What you give back must match the data below character for character.
** Opening Task data block **
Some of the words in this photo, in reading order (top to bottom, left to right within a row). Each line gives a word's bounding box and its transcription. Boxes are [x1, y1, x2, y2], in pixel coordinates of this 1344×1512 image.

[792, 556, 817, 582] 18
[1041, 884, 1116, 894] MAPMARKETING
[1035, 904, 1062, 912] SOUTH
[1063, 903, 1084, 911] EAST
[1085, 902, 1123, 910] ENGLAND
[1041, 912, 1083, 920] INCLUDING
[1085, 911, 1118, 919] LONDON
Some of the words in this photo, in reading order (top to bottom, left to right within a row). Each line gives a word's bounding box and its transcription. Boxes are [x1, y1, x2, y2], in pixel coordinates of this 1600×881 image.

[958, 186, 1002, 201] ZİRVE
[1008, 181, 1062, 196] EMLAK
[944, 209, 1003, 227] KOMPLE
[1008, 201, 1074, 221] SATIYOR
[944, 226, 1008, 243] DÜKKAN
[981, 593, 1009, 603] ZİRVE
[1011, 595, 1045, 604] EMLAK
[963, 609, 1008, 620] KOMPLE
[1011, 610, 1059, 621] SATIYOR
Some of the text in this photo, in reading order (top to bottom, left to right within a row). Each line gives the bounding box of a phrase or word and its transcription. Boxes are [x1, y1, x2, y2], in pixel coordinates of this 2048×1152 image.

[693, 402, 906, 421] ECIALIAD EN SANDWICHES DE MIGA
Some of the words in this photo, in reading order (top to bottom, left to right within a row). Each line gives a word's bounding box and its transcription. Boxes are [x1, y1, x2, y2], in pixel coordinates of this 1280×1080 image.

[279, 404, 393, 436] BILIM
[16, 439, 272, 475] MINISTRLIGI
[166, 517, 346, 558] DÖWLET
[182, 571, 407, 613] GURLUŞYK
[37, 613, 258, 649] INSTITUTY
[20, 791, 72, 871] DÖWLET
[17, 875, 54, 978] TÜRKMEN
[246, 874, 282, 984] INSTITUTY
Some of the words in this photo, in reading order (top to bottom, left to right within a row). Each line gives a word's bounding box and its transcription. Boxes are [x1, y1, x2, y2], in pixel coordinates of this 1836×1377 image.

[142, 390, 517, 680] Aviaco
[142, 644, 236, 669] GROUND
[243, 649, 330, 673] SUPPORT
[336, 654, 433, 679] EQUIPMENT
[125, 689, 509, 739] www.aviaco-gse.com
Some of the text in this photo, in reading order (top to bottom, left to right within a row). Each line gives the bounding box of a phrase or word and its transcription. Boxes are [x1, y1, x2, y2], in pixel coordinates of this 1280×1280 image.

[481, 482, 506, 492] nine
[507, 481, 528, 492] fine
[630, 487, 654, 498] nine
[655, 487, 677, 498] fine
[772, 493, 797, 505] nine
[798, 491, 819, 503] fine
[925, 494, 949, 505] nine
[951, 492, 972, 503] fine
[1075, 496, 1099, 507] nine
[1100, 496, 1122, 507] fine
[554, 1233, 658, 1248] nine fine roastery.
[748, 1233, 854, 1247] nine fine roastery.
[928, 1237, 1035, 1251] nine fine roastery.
** Closing Task data block **
§ Response area:
Some of the words in this photo, in reading order (top to bottom, left to right within a row). Each line gives a word's bounding box and its transcription. Boxes are [x1, y1, x2, y2], in pixel coordinates of this 1344×1512 image.

[792, 556, 817, 582] 18
[1041, 884, 1116, 894] MAPMARKETING
[1035, 904, 1062, 912] SOUTH
[1063, 903, 1084, 911] EAST
[1085, 902, 1123, 910] ENGLAND
[1041, 912, 1083, 920] INCLUDING
[1085, 911, 1118, 919] LONDON
Some of the words in this photo, in reading order (top to bottom, left to right within a row). Each line gives a word's bounding box and its transcription. Boxes are [x1, y1, x2, y2], in pixel coordinates of this 1600×881 image.

[958, 186, 1002, 201] ZİRVE
[1008, 181, 1062, 196] EMLAK
[944, 209, 1003, 227] KOMPLE
[1008, 201, 1074, 221] SATIYOR
[944, 226, 1008, 243] DÜKKAN
[981, 593, 1009, 603] ZİRVE
[1011, 595, 1045, 604] EMLAK
[963, 609, 1008, 620] KOMPLE
[1011, 610, 1059, 621] SATIYOR
Some of the text in this photo, in reading order (top to bottom, left to right within a row). Each line gives the bounding box of a phrase or word and its transcription. Boxes are [x1, y1, x2, y2], in pixel coordinates of this 2048×1152 image.

[693, 402, 906, 421] ECIALIAD EN SANDWICHES DE MIGA
Some of the words in this photo, in reading order (top to bottom, left to right within a row). Each line gives a word's bounding box and its transcription. Boxes are [x1, y1, x2, y2], in pixel coordinates of this 1280×1080 image.

[279, 404, 393, 436] BILIM
[16, 439, 272, 475] MINISTRLIGI
[166, 517, 346, 558] DÖWLET
[182, 571, 407, 613] GURLUŞYK
[37, 613, 258, 649] INSTITUTY
[20, 791, 72, 871] DÖWLET
[17, 875, 54, 978] TÜRKMEN
[246, 874, 282, 984] INSTITUTY
Some of the words in this photo, in reading order (top to bottom, left to right within a row). Each line gives a word's bounding box and its transcription. Boxes are [x1, y1, x2, y2], in pixel coordinates of this 1836×1377 image.

[142, 390, 517, 680] Aviaco
[142, 644, 236, 669] GROUND
[243, 649, 330, 673] SUPPORT
[336, 654, 433, 679] EQUIPMENT
[125, 689, 509, 739] www.aviaco-gse.com
Some of the text in this photo, in reading order (top to bottom, left to right within a row). Each line gives the bounding box of a phrase or word and its transcription. Boxes are [x1, y1, x2, y2], in pixel coordinates of this 1280×1280 image.

[481, 482, 506, 492] nine
[507, 481, 528, 492] fine
[630, 487, 654, 498] nine
[655, 487, 677, 498] fine
[772, 493, 797, 505] nine
[798, 491, 819, 503] fine
[925, 494, 949, 505] nine
[951, 492, 972, 503] fine
[1075, 496, 1099, 507] nine
[1100, 496, 1122, 507] fine
[554, 1233, 658, 1248] nine fine roastery.
[748, 1233, 854, 1247] nine fine roastery.
[928, 1237, 1035, 1251] nine fine roastery.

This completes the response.